Data for this task:

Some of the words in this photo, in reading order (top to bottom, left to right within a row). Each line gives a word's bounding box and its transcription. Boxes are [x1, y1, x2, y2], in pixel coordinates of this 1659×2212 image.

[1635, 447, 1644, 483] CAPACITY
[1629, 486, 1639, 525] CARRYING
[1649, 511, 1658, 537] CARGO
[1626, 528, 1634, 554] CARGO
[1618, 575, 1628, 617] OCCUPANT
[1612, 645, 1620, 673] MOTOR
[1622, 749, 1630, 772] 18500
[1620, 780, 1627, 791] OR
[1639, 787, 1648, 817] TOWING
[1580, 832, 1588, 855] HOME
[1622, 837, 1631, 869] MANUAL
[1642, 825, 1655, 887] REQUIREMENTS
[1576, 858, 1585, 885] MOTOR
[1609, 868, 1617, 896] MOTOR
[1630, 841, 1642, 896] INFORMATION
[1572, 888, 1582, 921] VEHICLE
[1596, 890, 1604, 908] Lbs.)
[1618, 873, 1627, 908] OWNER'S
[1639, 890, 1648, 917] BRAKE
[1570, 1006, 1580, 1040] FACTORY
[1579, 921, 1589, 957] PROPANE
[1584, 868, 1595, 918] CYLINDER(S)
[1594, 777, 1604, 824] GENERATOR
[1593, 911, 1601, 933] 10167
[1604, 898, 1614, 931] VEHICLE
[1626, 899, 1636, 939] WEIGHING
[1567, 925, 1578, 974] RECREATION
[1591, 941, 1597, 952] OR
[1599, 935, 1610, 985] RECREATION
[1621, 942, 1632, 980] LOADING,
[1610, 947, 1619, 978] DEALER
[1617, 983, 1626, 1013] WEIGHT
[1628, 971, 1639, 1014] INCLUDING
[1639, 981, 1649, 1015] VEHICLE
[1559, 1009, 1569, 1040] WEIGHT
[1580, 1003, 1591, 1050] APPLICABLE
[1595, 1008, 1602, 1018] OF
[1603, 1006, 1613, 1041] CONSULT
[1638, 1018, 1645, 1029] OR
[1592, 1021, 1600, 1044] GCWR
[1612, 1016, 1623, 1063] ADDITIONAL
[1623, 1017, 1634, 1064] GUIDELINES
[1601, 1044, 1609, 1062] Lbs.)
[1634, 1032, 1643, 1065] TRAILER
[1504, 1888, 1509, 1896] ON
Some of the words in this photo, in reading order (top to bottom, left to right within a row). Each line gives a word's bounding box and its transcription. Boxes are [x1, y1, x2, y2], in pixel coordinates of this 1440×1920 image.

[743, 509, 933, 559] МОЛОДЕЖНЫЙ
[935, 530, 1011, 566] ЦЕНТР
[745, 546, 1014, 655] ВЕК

Task item:
Return, word for word, every line from the line with "this 1440×1920 image." to the final line of the data.

Task output:
Some of the words in this photo, in reading order (top to bottom, left to right within a row). Each line gives a word's bounding box and its transcription. Boxes are [x1, y1, x2, y2], in pixel coordinates of this 1440×1920 image.

[743, 509, 933, 559] МОЛОДЕЖНЫЙ
[935, 530, 1011, 566] ЦЕНТР
[745, 546, 1014, 655] ВЕК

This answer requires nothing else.